* _Data shown_:
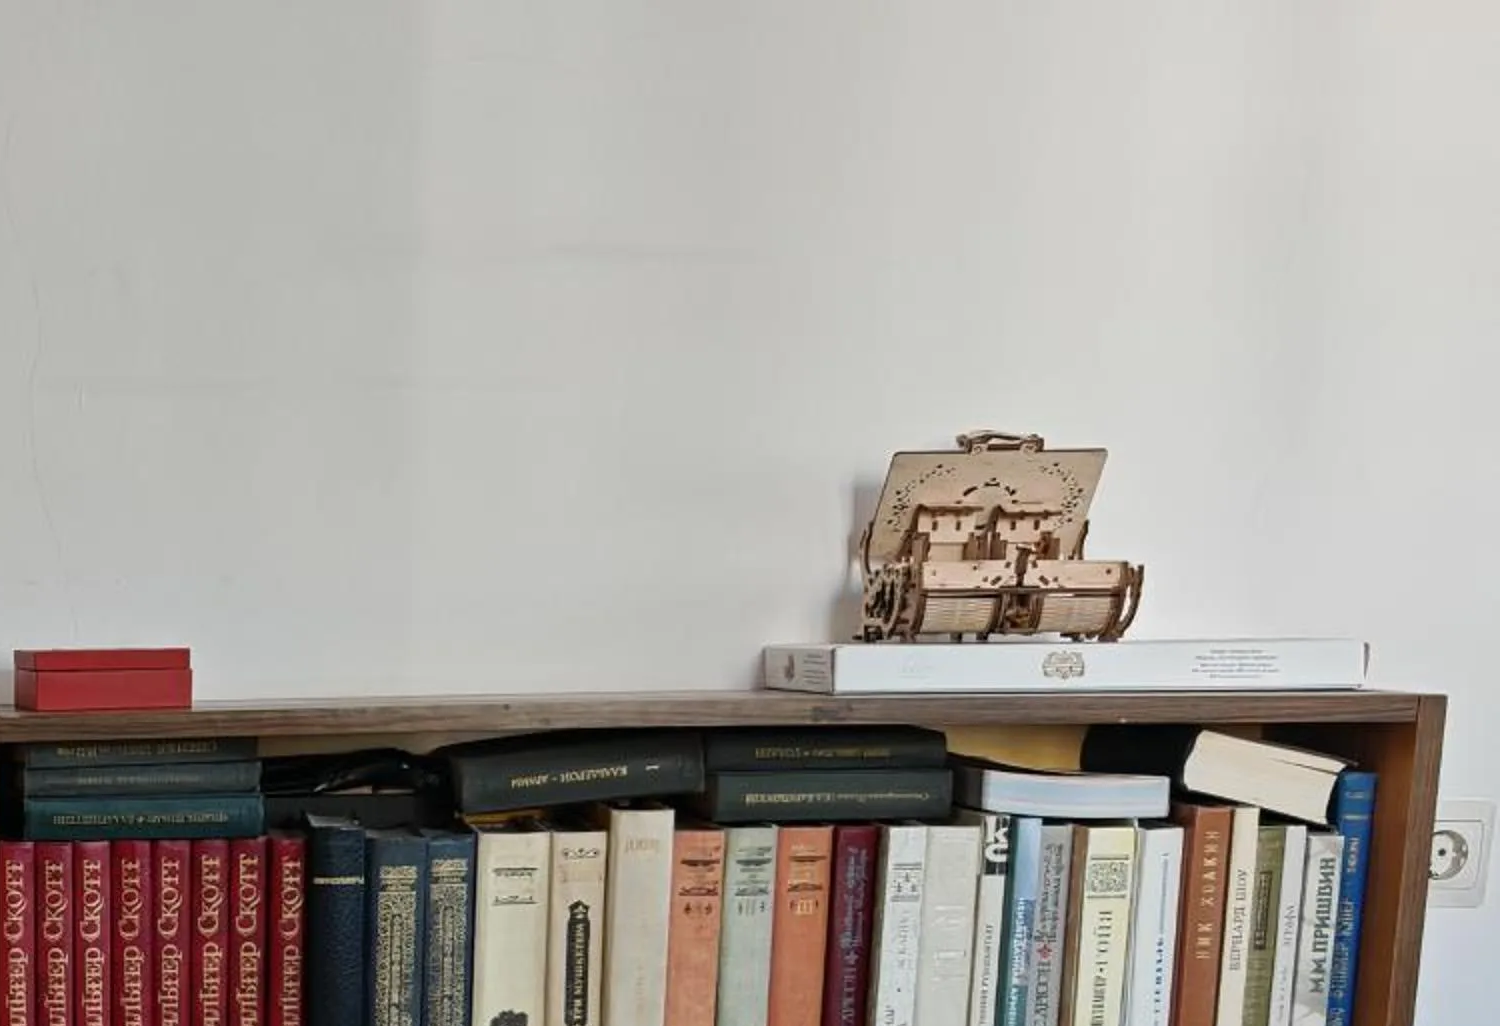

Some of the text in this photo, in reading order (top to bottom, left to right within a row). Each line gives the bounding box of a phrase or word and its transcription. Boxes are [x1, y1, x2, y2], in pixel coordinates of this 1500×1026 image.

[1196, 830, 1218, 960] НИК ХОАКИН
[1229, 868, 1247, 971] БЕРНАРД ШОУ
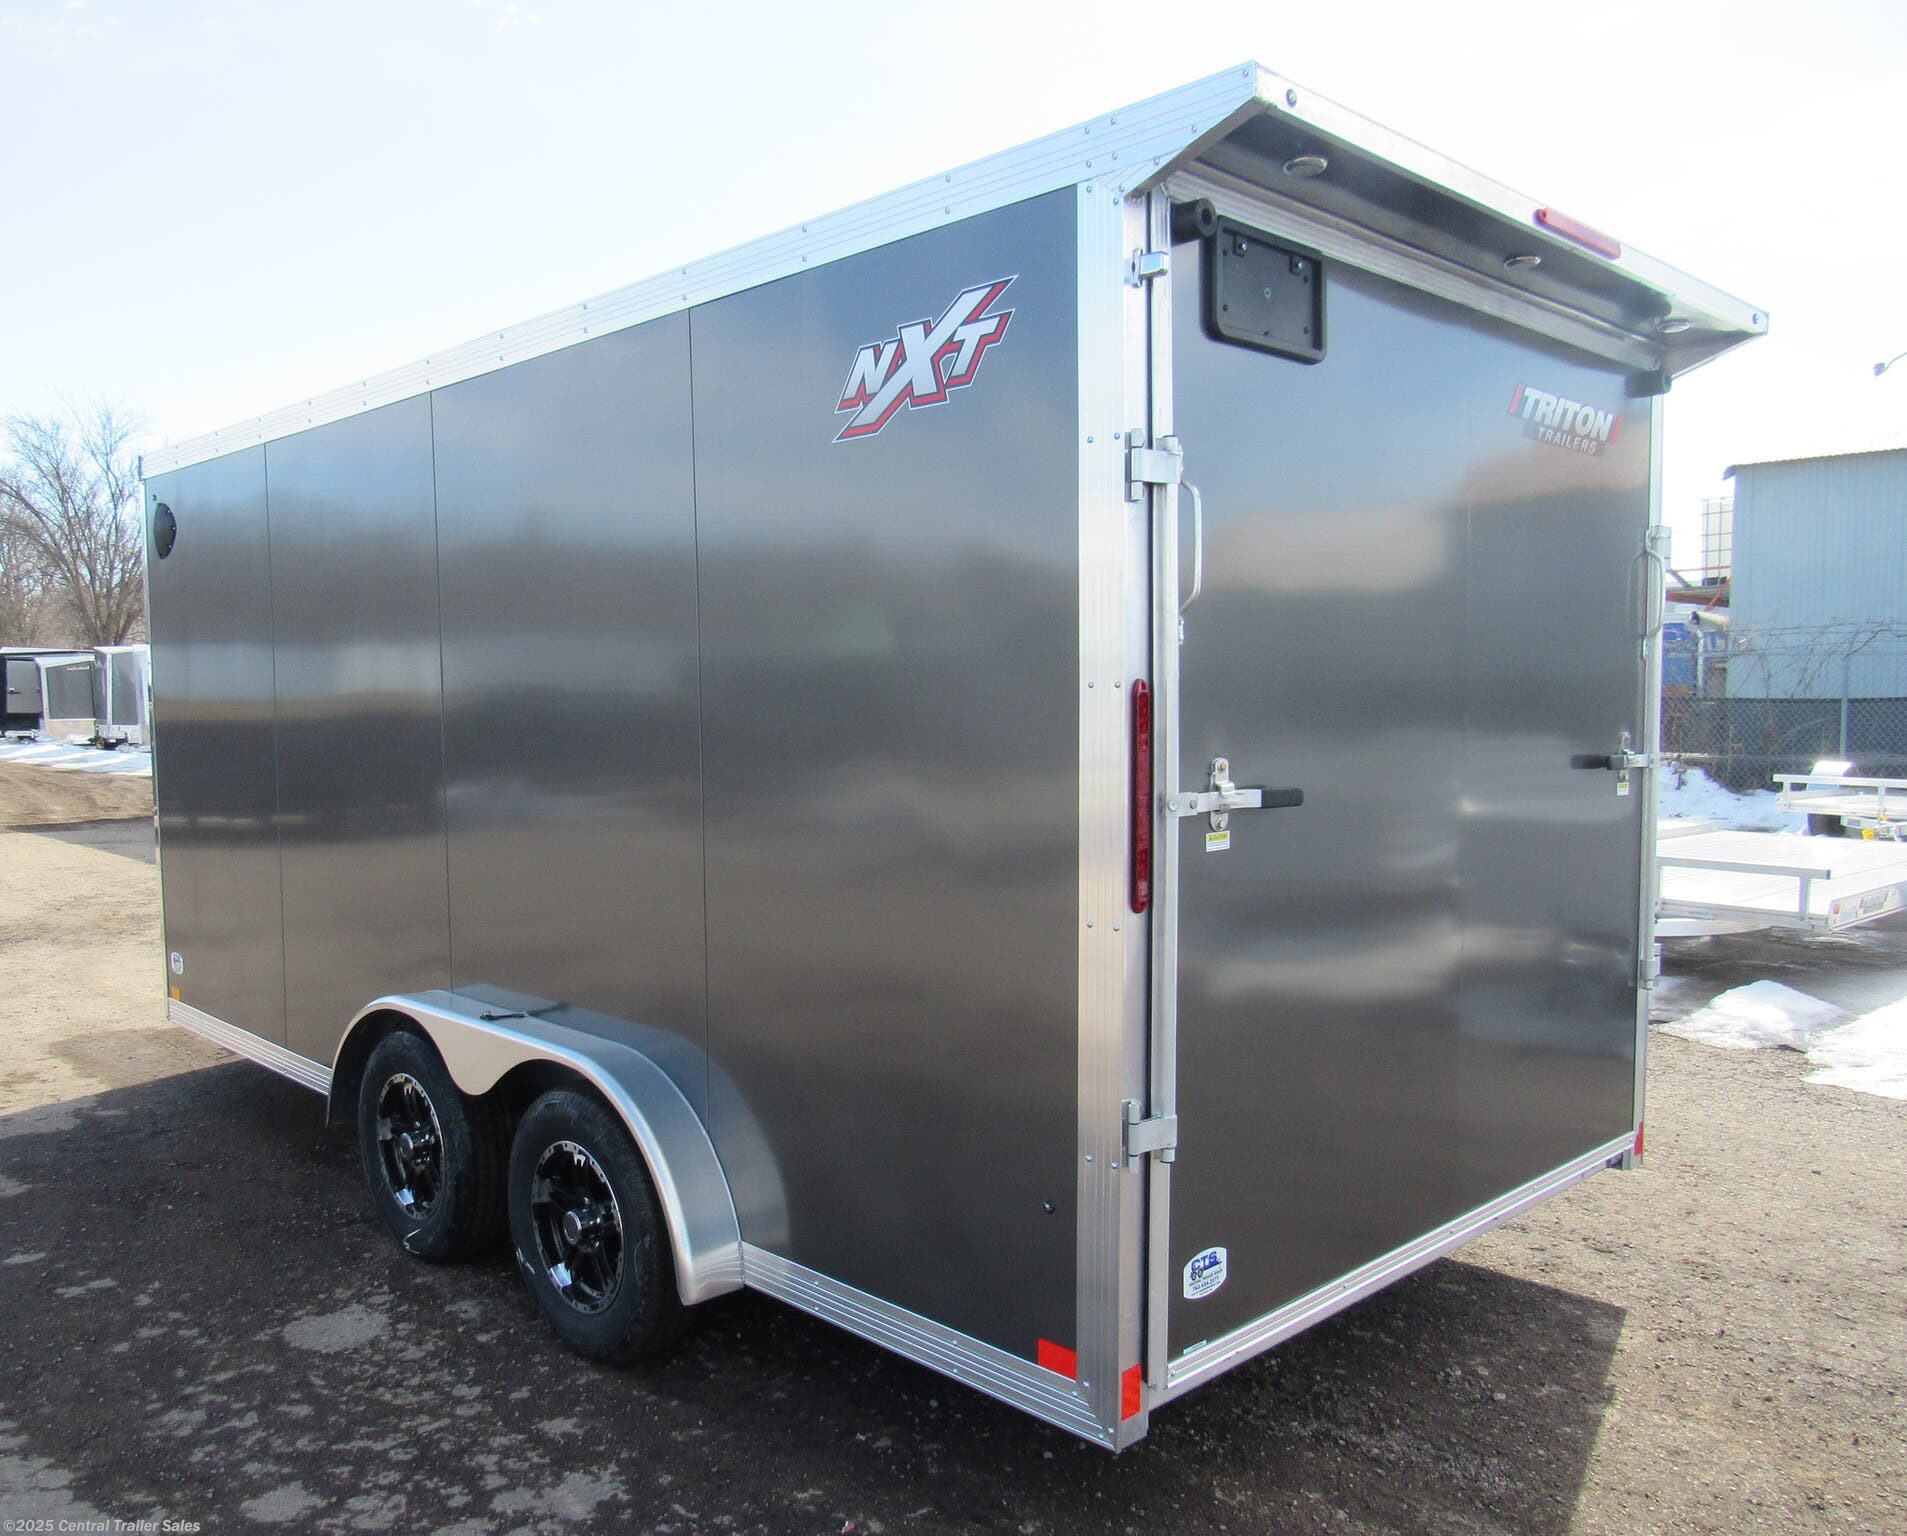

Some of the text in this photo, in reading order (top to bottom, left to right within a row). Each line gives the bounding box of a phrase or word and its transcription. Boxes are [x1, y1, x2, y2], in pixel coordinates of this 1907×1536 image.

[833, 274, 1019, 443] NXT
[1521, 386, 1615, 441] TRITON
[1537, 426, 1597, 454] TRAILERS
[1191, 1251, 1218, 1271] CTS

* _How to complete this task_:
The material must be restated verbatim. Its pictures must be omitted.

* _Output for this task_:
Some of the text in this photo, in reading order (top to bottom, left to right within a row). Each line gives the bounding box of a phrase or word and its transcription. Boxes are [x1, y1, x2, y2], in pixel coordinates of this 1500×1026 image.

[1196, 830, 1218, 960] НИК ХОАКИН
[1229, 868, 1247, 971] БЕРНАРД ШОУ

Some of the text in this photo, in reading order (top to bottom, left to right within a row). Each line gives the bounding box of a phrase or word and its transcription. Boxes are [x1, y1, x2, y2], in pixel coordinates of this 1907×1536 image.

[833, 274, 1019, 443] NXT
[1521, 386, 1615, 441] TRITON
[1537, 426, 1597, 454] TRAILERS
[1191, 1251, 1218, 1271] CTS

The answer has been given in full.